Fue lo primero que me dijo cuando nos sentamos frente a frente, en una mesa demasiado chica de un bar enorme y desierto. Pensé que había elegido ese sitio por temor a que yo fuese un fiasco. No era una cita completamente a ciegas, porque nos habíamos visto en fotos y teníamos amigos en común. Pero nunca nos habíamos cruzado ni hablado más que unas palabras por teléfono. Aún no llovía.
Otra tarde me dijo que me amaba. Yo no supe qué decir ni qué creer. No parecía una mujer solitaria, ni dependiente, ni necesariamente desequilibrada. Algunos meses después nos casamos. Dejamos la ciudad primero, el país luego, para que ella pudiera terminar sus estudios. Yo decía que mi trabajo podía ser hecho desde cualquier parte. Eso fue verdad hasta que tuve que dejar mi escritorio para seguirla por el mundo. Lo cierto es que nos instalamos cerca de Boston. El plan era estar allí dos años, que se hicieron casi cuatro.

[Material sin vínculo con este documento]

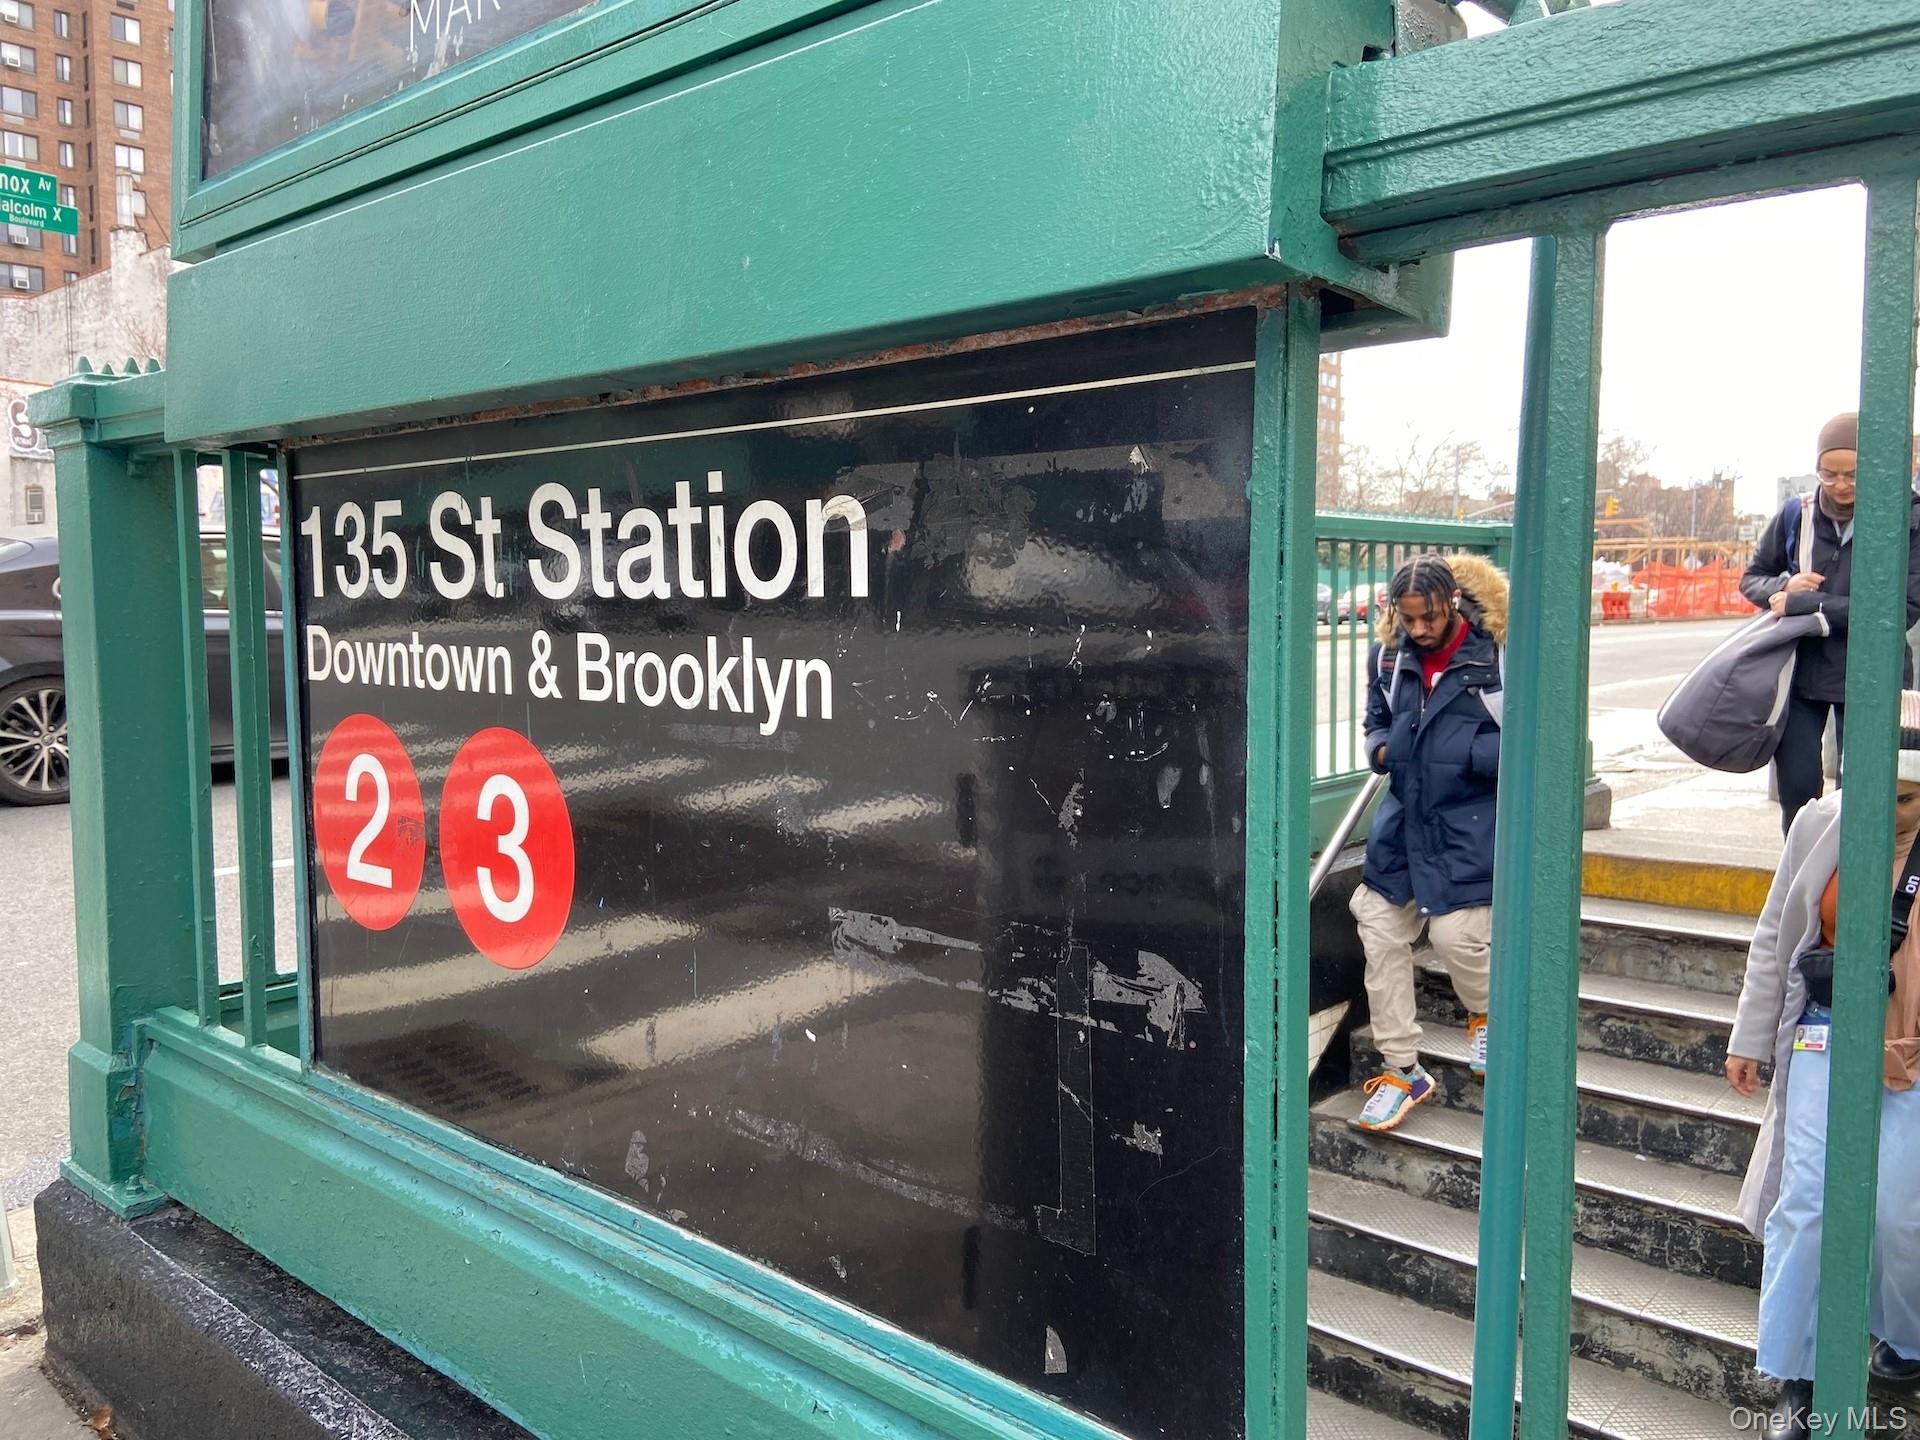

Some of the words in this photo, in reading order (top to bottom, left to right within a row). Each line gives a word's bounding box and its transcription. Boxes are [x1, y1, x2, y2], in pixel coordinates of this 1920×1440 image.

Yo salía poco del departamento de una habitación que nos alquilaba la Universidad. El idioma no era un problema pero sí las distancias, el calor o el frío y mi voluntad. Teníamos vecinos. En su mayoría eran más grandes que nosotros, parejas extranjeras o de estados remotos. En el piso de arriba vivía una especie de adolescente tardío que estudiaba física teórica o lógica. En el de abajo, una mujer chilena, Mara.